In return, he got an outpouring of support, boosting his lines, so that he started to believe they could do it.
That kind of reinforcement could be dangerous.
“You okay?” Radko asked.
“The lines are confident.” Overconfident, but if he had doubts he shouldn’t be thinking of that because he couldn’t separate his thoughts from the lines.
* * *
EAN was glad to arrive on the Gruen.
At least today Song would come to her ship, for Abram had insisted the captain be there for the duration of the experiment.
What if something went wrong, and Song and the ship hadn’t bonded?
What if Ean worried so much about it that it caused a problem when it wouldn’t have otherwise?
* * *
LINE training was good today. There was an air of expectancy among the lines that even the trainees caught. The ship buzzed.
Afterward, as they waited for the shuttle to bring Captain Song out to the ship, Linesman Hernandez came up to Ean.
“We should be part of it,” she said.
Song’s shuttle would take the trainees back to Haladea III. All nonessential personnel were to go off ship.
“It?” He pretended to not understand.
“This thing that’s happening. We are linesmen. We have been trained. We should be part of it.”
Radko said, before Ean could reply, “That’s why you won’t be part of it.”
Especially not Linesman Hernandez, who was their best hope after Rossi if anything went wrong with Ean.
“That’s not a good enough reason.”
“Spacer,” Bhaksir said, from behind them both. “Are you disobeying an order?”
“I’m saying that if it’s line-related, we should be part of it.”
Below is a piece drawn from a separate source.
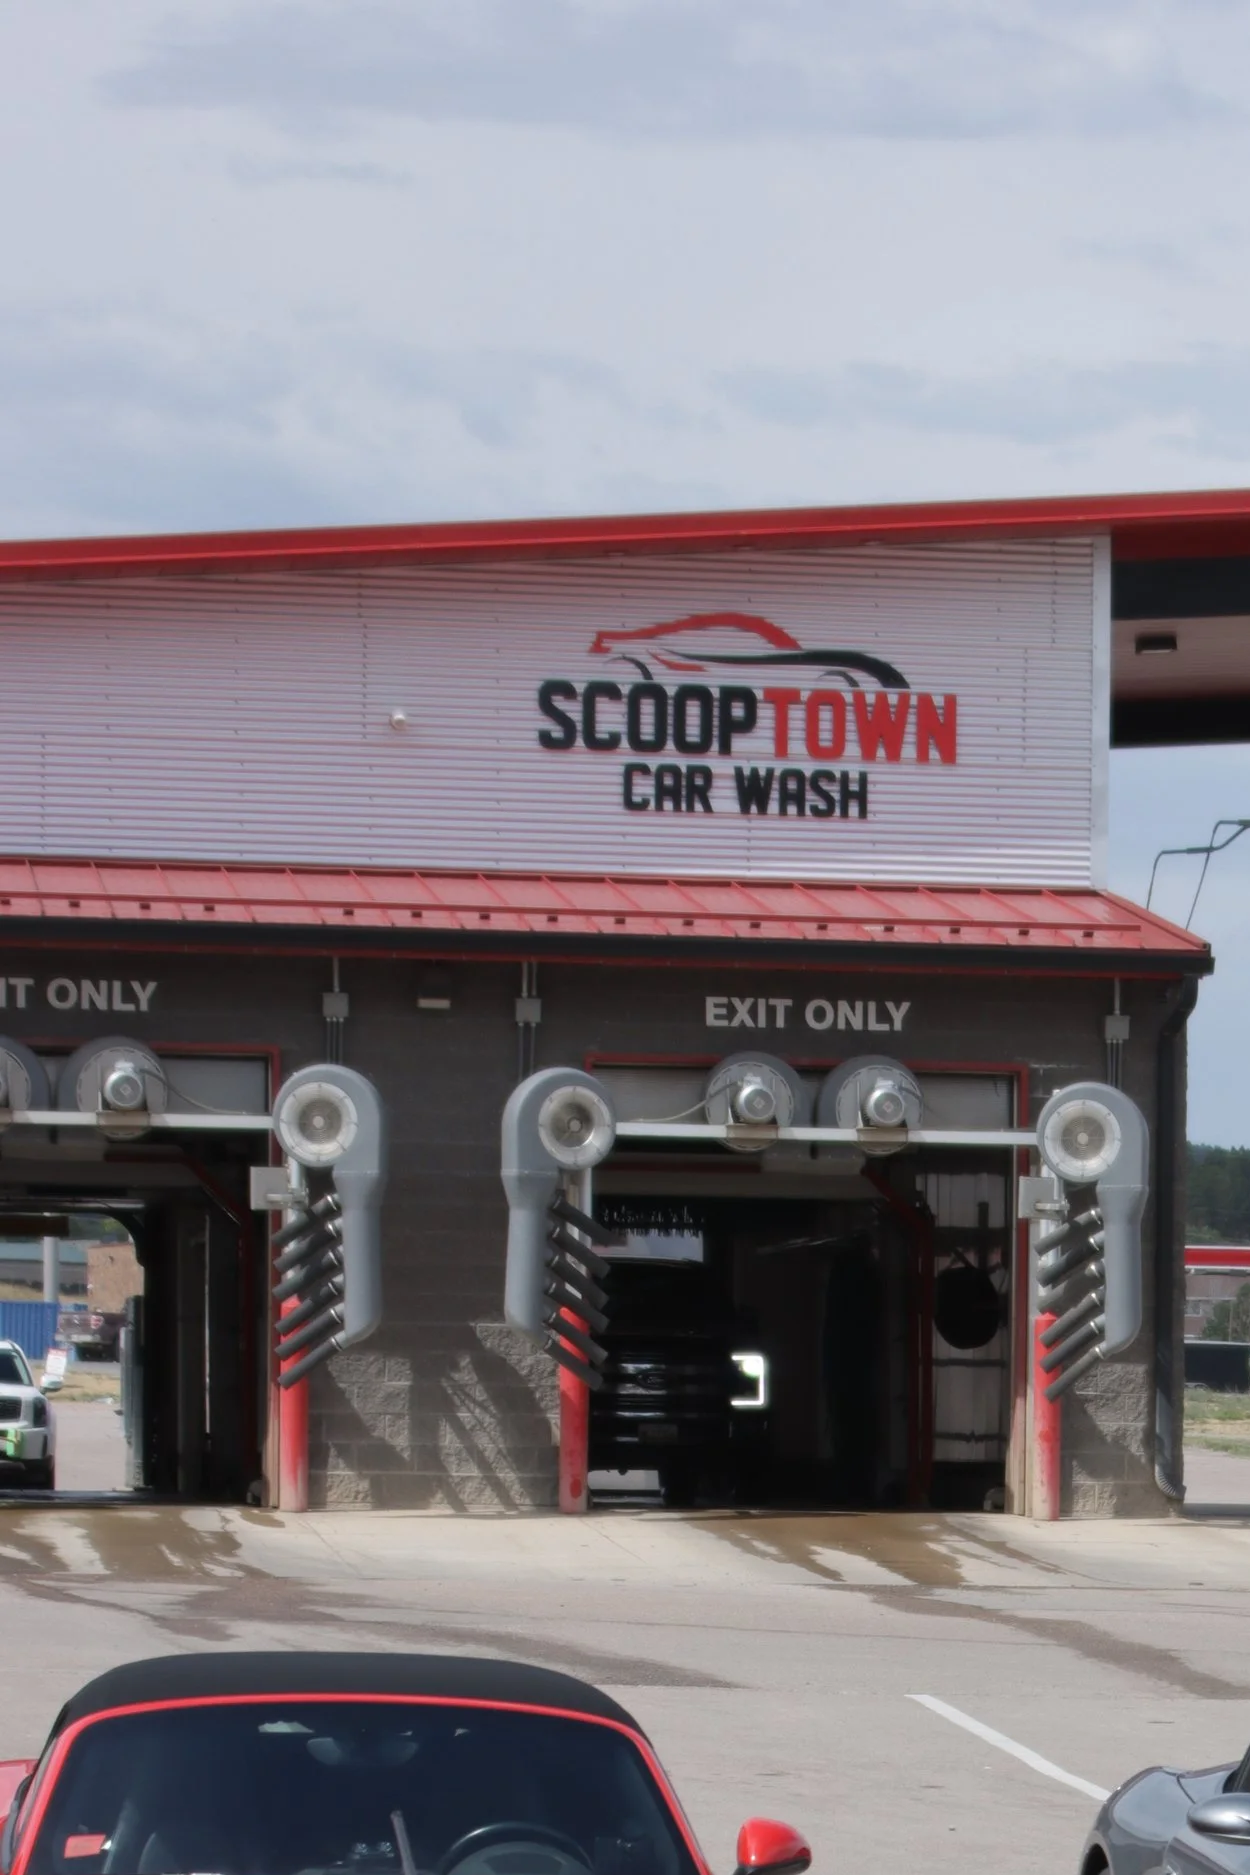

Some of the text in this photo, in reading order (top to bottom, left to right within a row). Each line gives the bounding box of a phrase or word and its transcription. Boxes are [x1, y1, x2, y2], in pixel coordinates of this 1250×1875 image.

“All nonessential personnel are to return to Haladea III for the duration of the exercise.”
“This ship is our base while we’re training.”
Bhaksir looked at her. Hernandez looked as if she was going to argue some more.
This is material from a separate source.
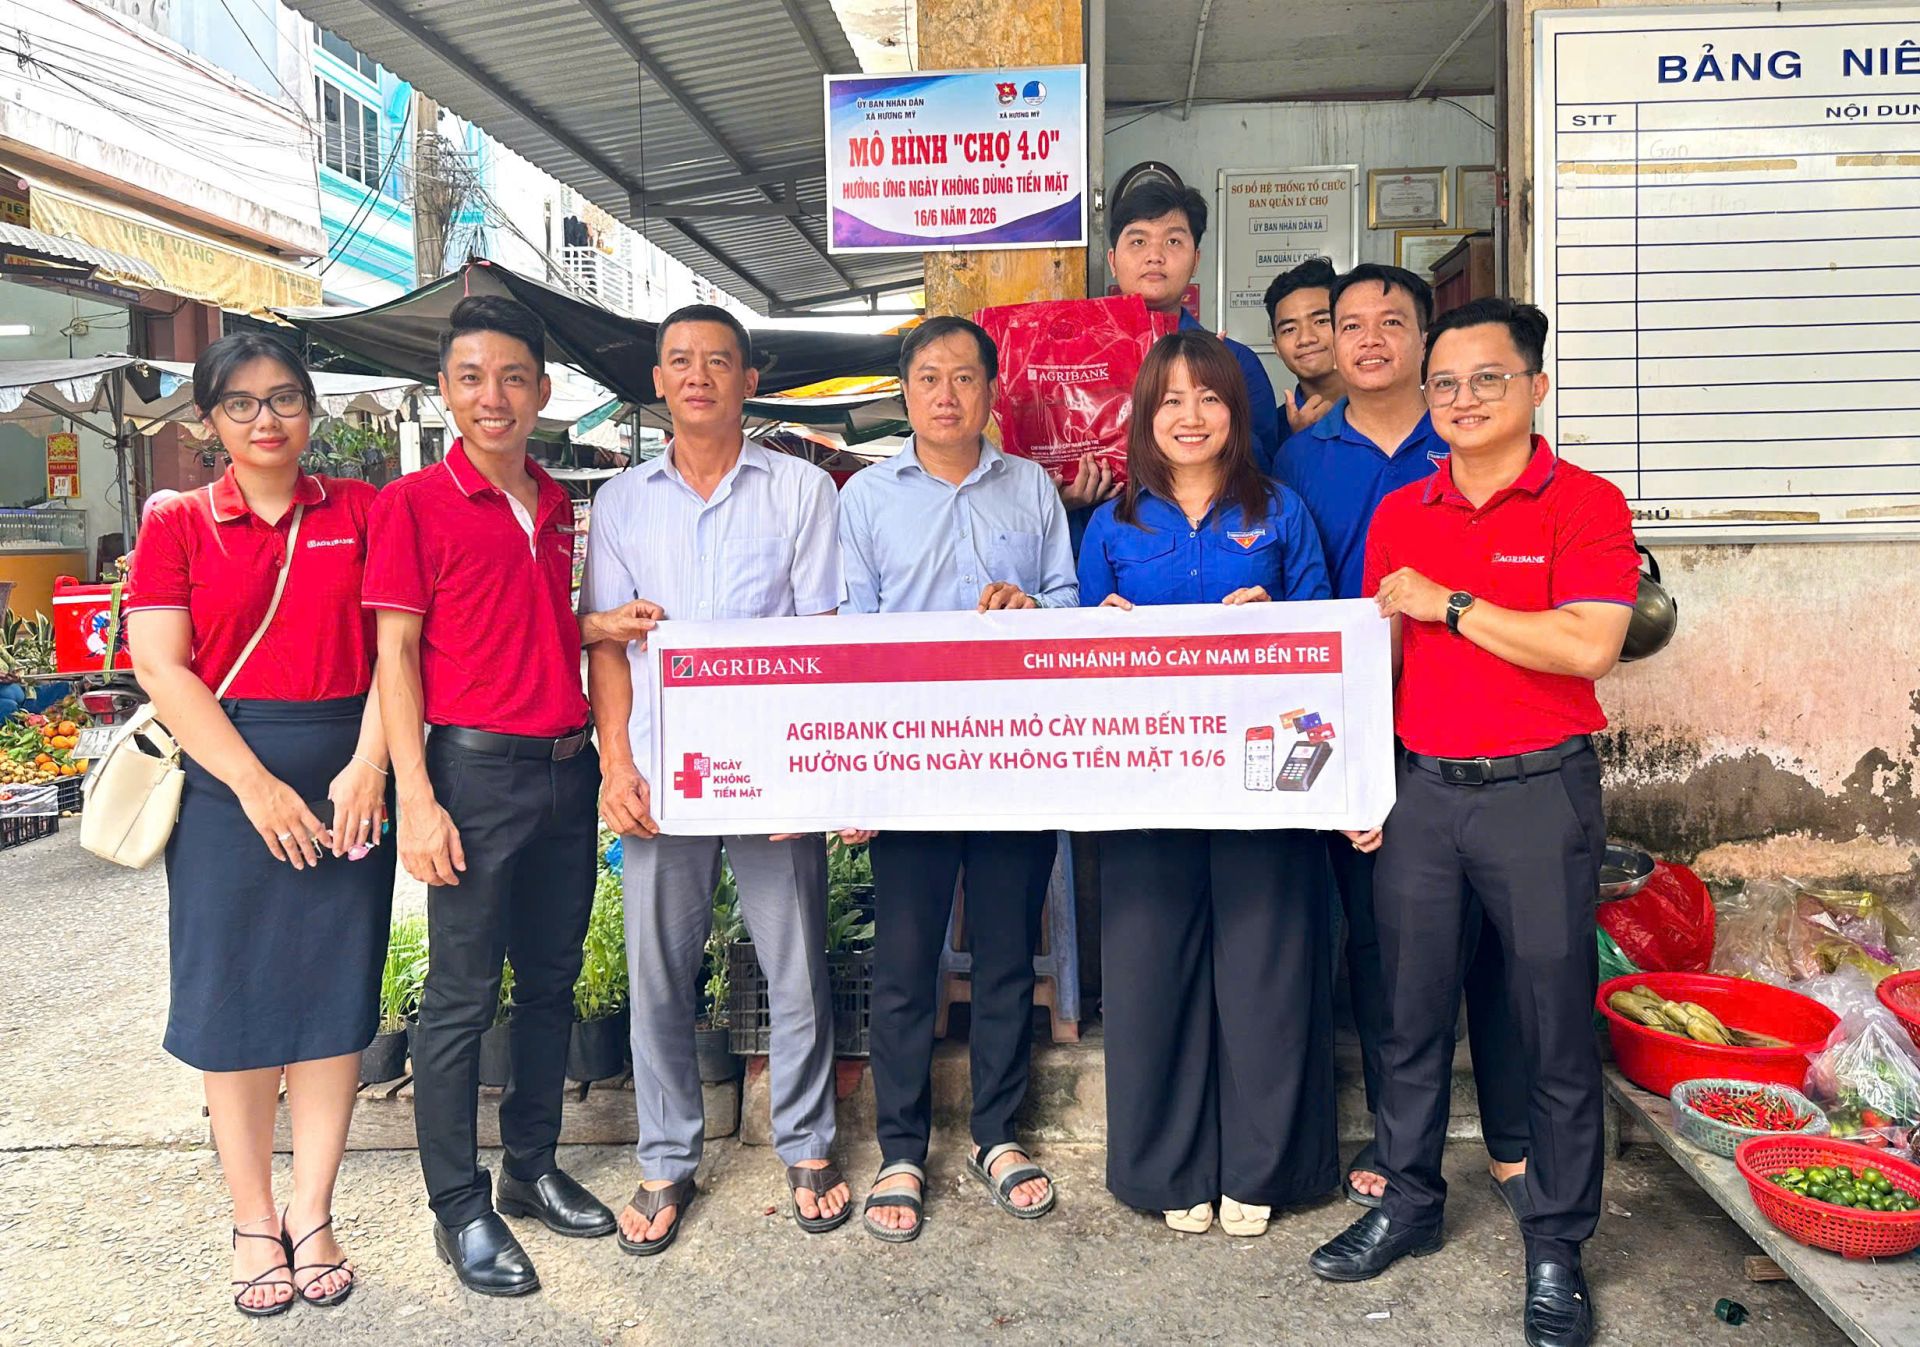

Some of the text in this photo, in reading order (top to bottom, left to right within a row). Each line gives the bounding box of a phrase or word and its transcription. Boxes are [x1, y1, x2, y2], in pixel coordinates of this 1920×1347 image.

“Would you like Admiral Katida to reinforce your orders?”
Hernandez turned away, muttering, “You wouldn’t have a hope,” under her breath.
“Anyone else want to argue?” Bhaksir said, and glared at Tai as he looked as if he would speak. “Don’t put me in an awkward position, Tai.” Because, of course, Tai could have argued that technically he belonged on the Lancastrian Princess, and therefore should be allowed to be part of it. “You’re on secondment.”
It said something for Abram Galenos’s people that Tai didn’t argue although he wanted to, and his lines—all the way up to six—hummed his unhappiness with the decision.
THIRTY-NINE
SELMA KARI WANG
THE SHUTTLE OUT was crowded, despite the fact they’d kept the numbers on the Eleven to a minimum. They’d brought Jem Abascal, because he was a seven. A full seven, but everyone involved in the plan thought that having someone Katida had primed would be smarter than picking a single seven, although Ean Lambert had pointed out that they didn’t know if the multilines could do what the single lines could. They’d brought Mael because he was a nine, and because he’d been there from the start. And Tinatin, because it was easier to bring her than to leave her behind.
If Tinatin ever went into covert operations she’d be damned good at it if somewhat unconventional.